There’s now an app that cuts down on the process.       

Gatineau-based software developer Macadamian has worked with Bruyere to create a screening app.

“All of a sudden, COVID-19 struck; a critical challenge faced itself; we were just happy that given our relationship with them that we were able to tackle it and tackle it very quickly - literally within a couple of weeks,” said Timon LeDain of Macadamian.

Bruyere has restricted visitor access during the COVID-19 pandemic. Manon Clement, who’s managing the screening at Bruyere, says “screening is important for the safety of our patients, and the safety of our staff.”

“Ninety per cent of the people are extremely happy with the application; it’s quicker and more user friendly.”    

The app cuts down on wait times at the door, previously caused by using a paper form to screen anyone coming into the facility, 

“Staff were seeing 45 minutes waiting outside in line, in the cold, in the rain, in the snow waiting to go out to screening,” said Clement.
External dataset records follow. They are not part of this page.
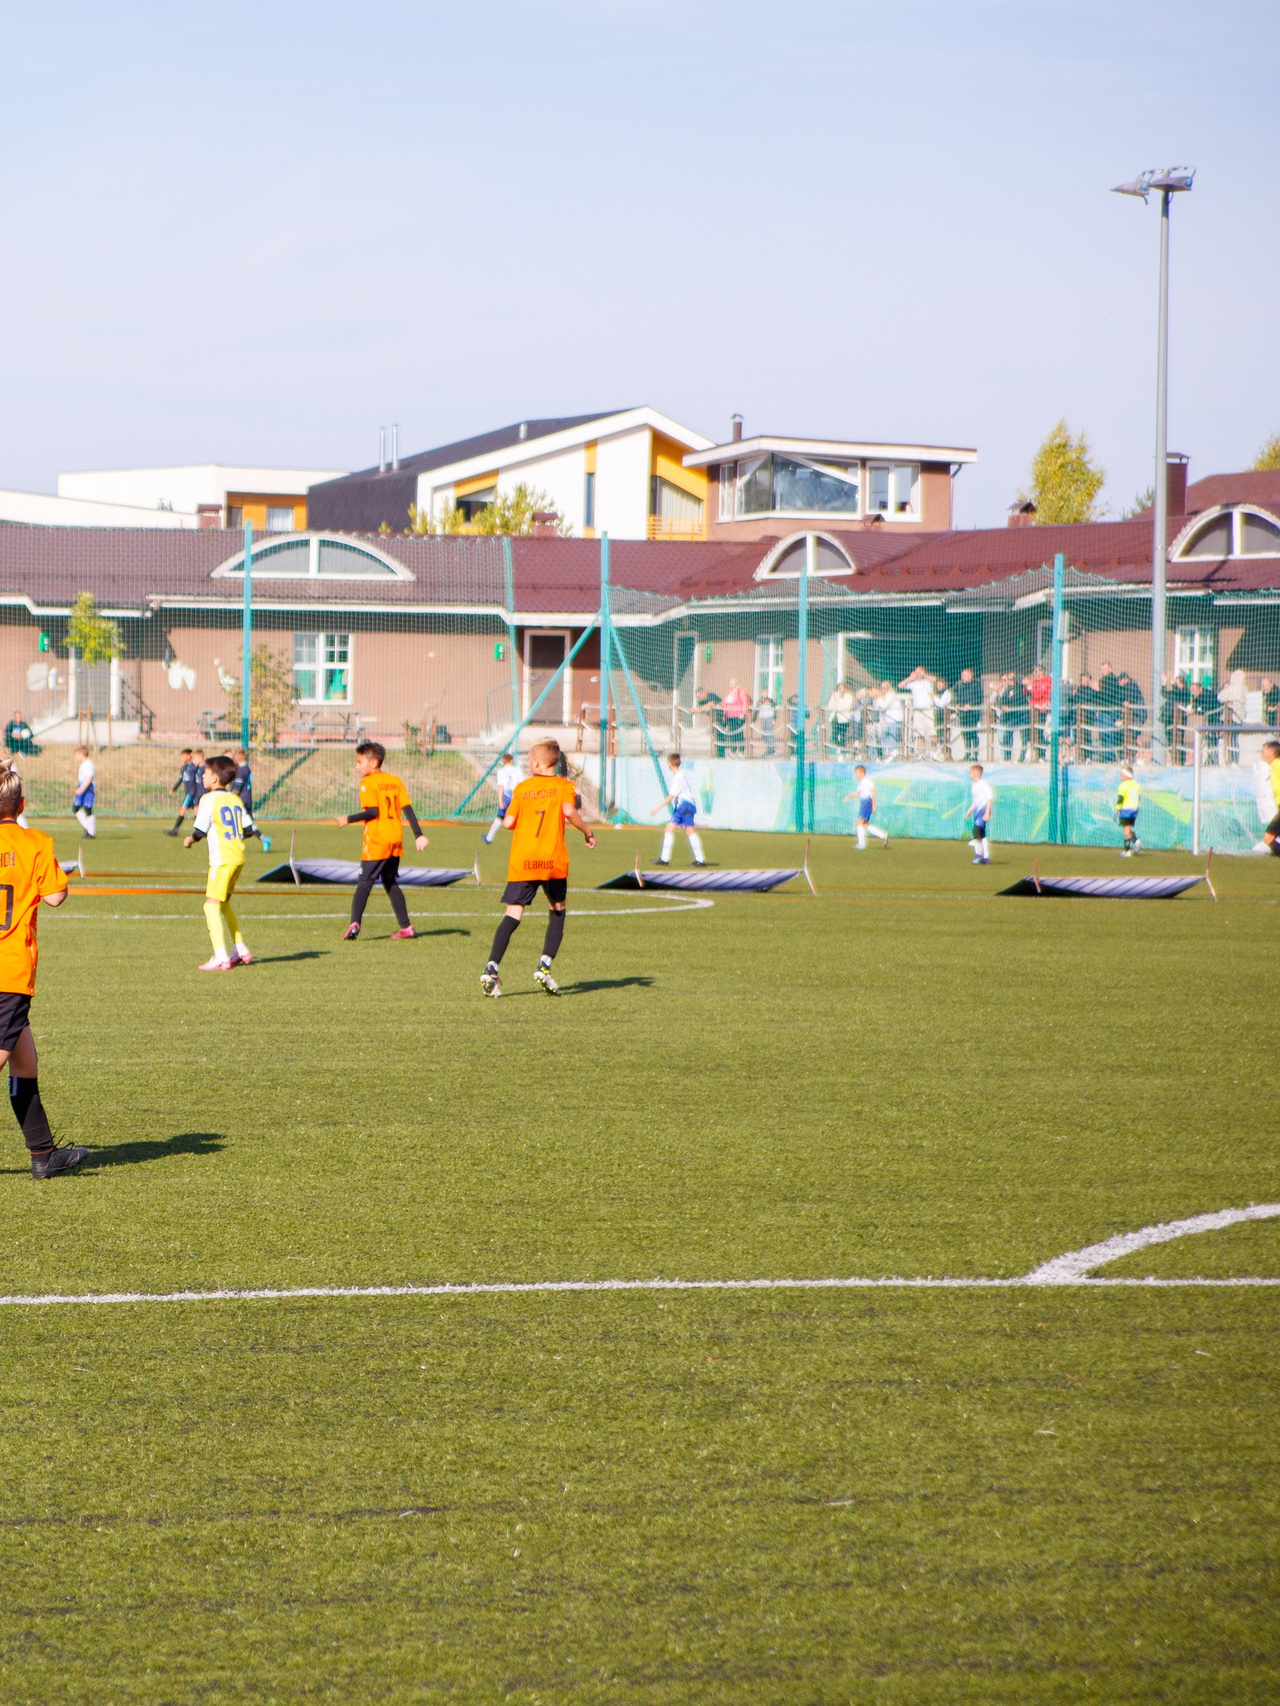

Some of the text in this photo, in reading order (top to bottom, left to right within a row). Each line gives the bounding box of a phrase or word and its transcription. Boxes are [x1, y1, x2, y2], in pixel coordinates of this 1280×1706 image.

[523, 787, 558, 801] АЛЕКСЕЕВ
[220, 805, 243, 840] 90
[535, 809, 546, 838] 7
[523, 860, 554, 870] ELBRUS
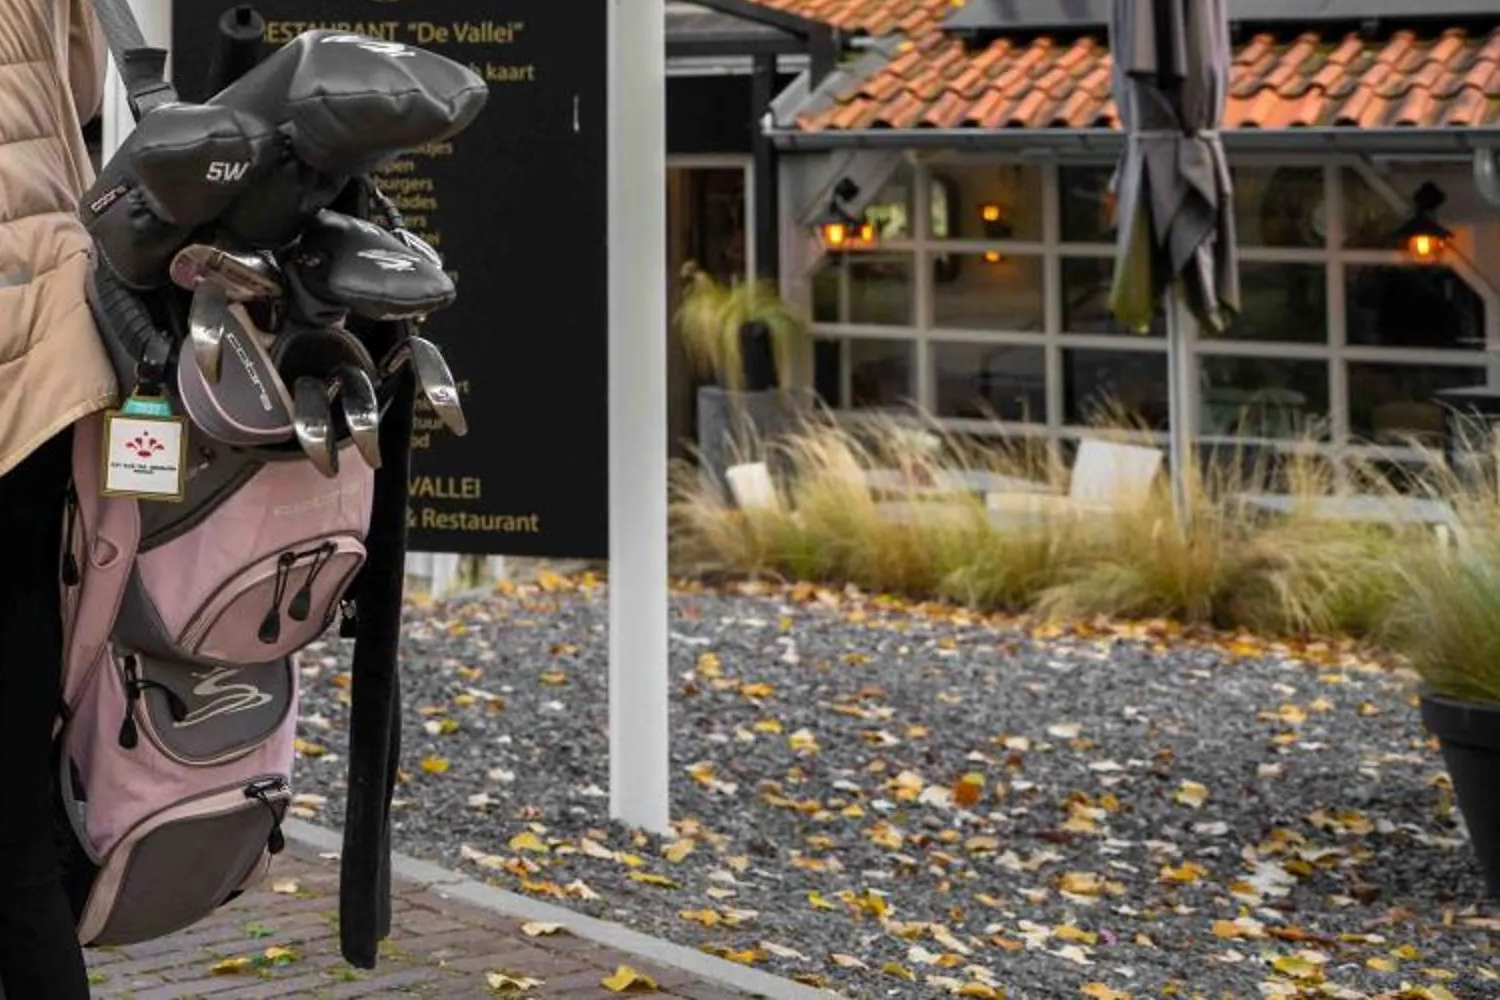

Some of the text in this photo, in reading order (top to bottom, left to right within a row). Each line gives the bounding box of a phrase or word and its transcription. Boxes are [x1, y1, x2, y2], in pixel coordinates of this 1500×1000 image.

[485, 62, 535, 81] kaart
[206, 161, 250, 181] 5W
[407, 475, 482, 499] VALLEI
[421, 507, 540, 533] Restaurant
Staff are pleased with the new process to be screened and enter the facility. Mario DaPonte is the Clinical Manager, Palliative Care at Bruyere:

“It evolved from a paper based, long time-consuming - used to slow things down and create line-ups, to one that’s electronic now”

How does it work?

The app asks yes or no questions, such as: “Fever?”; “New or worsening cough?”; “Have you travelled internationally?”

Once answers are entered, the software will display a green, yellow, or red screen.
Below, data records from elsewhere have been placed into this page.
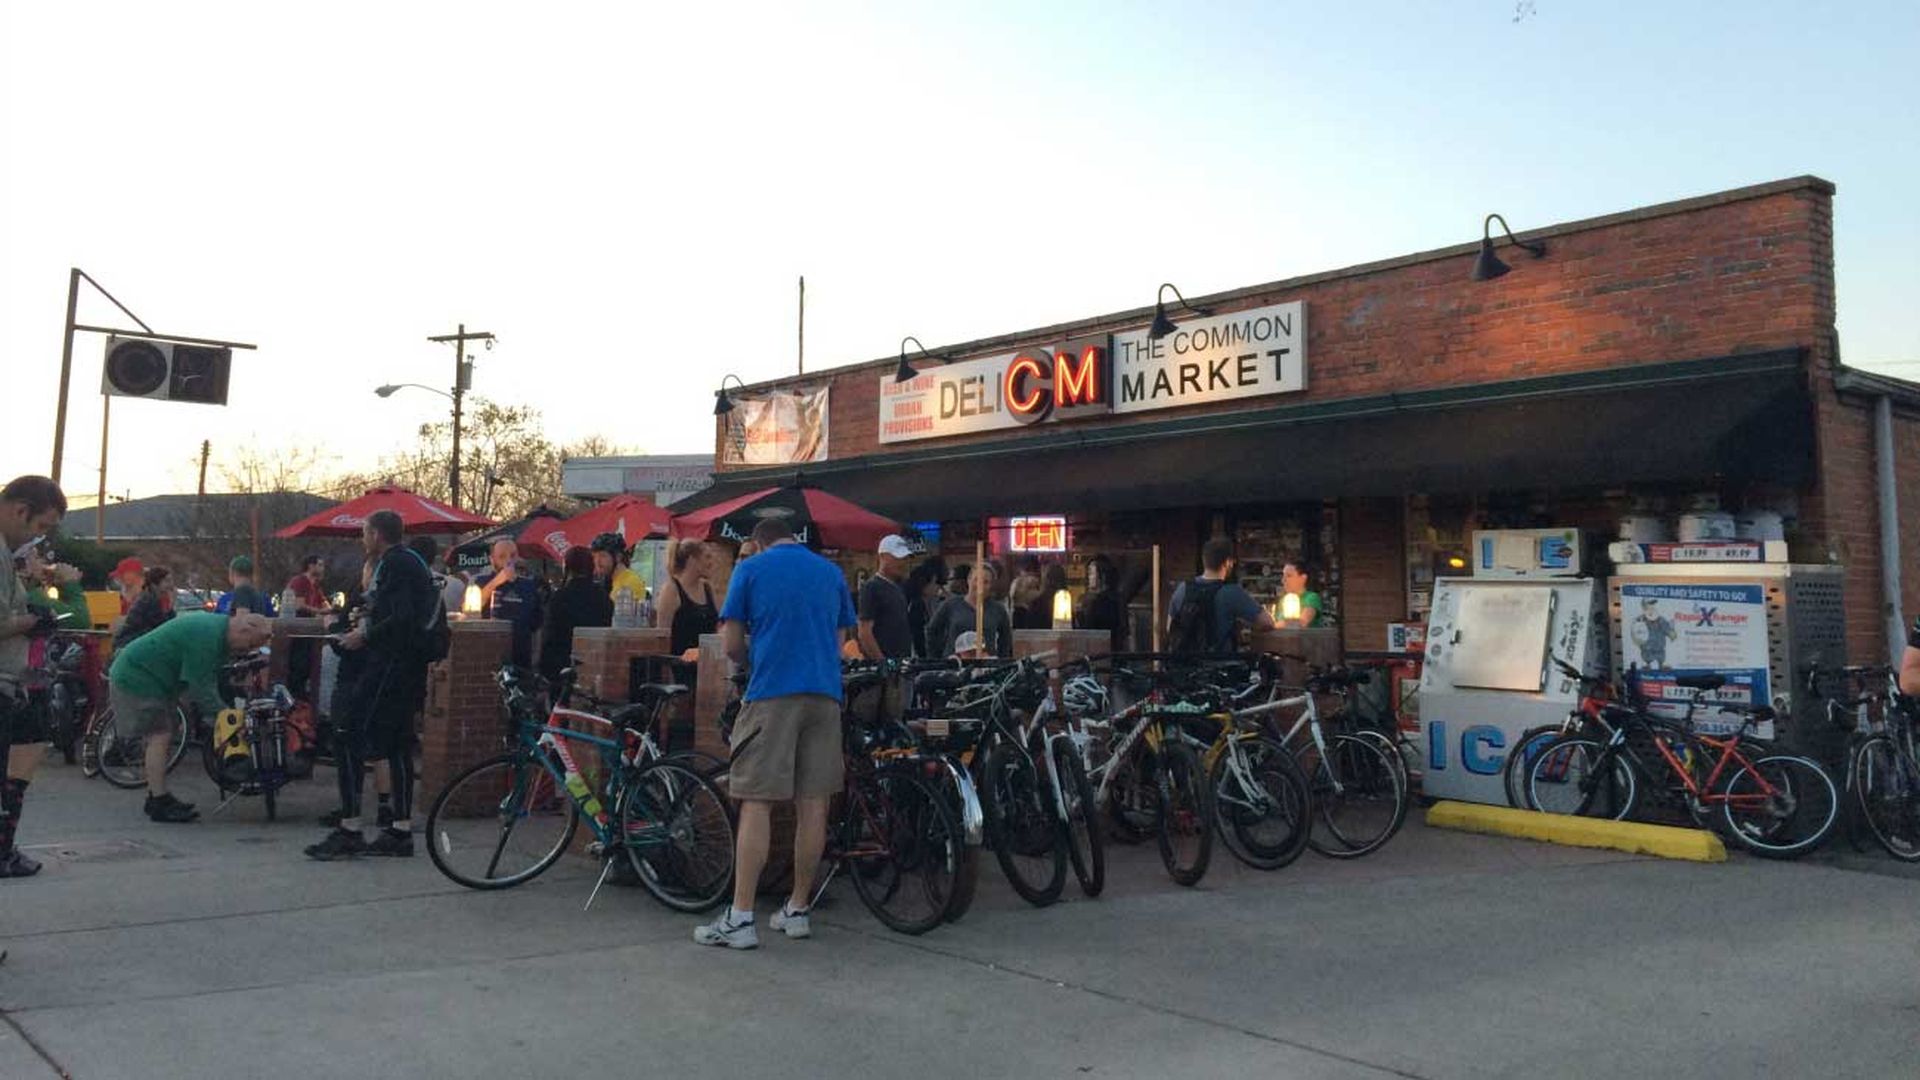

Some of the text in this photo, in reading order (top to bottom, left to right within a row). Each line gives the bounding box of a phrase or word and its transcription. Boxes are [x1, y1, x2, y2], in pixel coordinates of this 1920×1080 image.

[1121, 313, 1292, 364] THE COMMON
[940, 372, 1002, 420] DELI
[1121, 348, 1290, 403] MARKET
[1014, 520, 1063, 548] OPEN
[1481, 535, 1572, 569] IE
[1634, 586, 1669, 597] QUALITY
[1669, 588, 1687, 598] AND
[1688, 588, 1718, 599] SAFETY
[1719, 590, 1730, 600] TO
“It’s colour coded now, green meaning that you passed and you’re ready to go, yellow means that you can still pass - but with some precaution such a mask, and red means that you fail and you need to follow up with occupational health,” said Clement.

The app leave no room for confusion.

LeDain says he expects the app to be rolled out across Canada in the coming weeks, and not just at hospitals.

“Long-term care facility owners, managers, other hospitals who are looking to stream line this process, as well as airports and factory locations where even though it’s non-health care, the workers still need to work in close proximity to one-another, and they want to mitigate the risk up front for any potential spread.”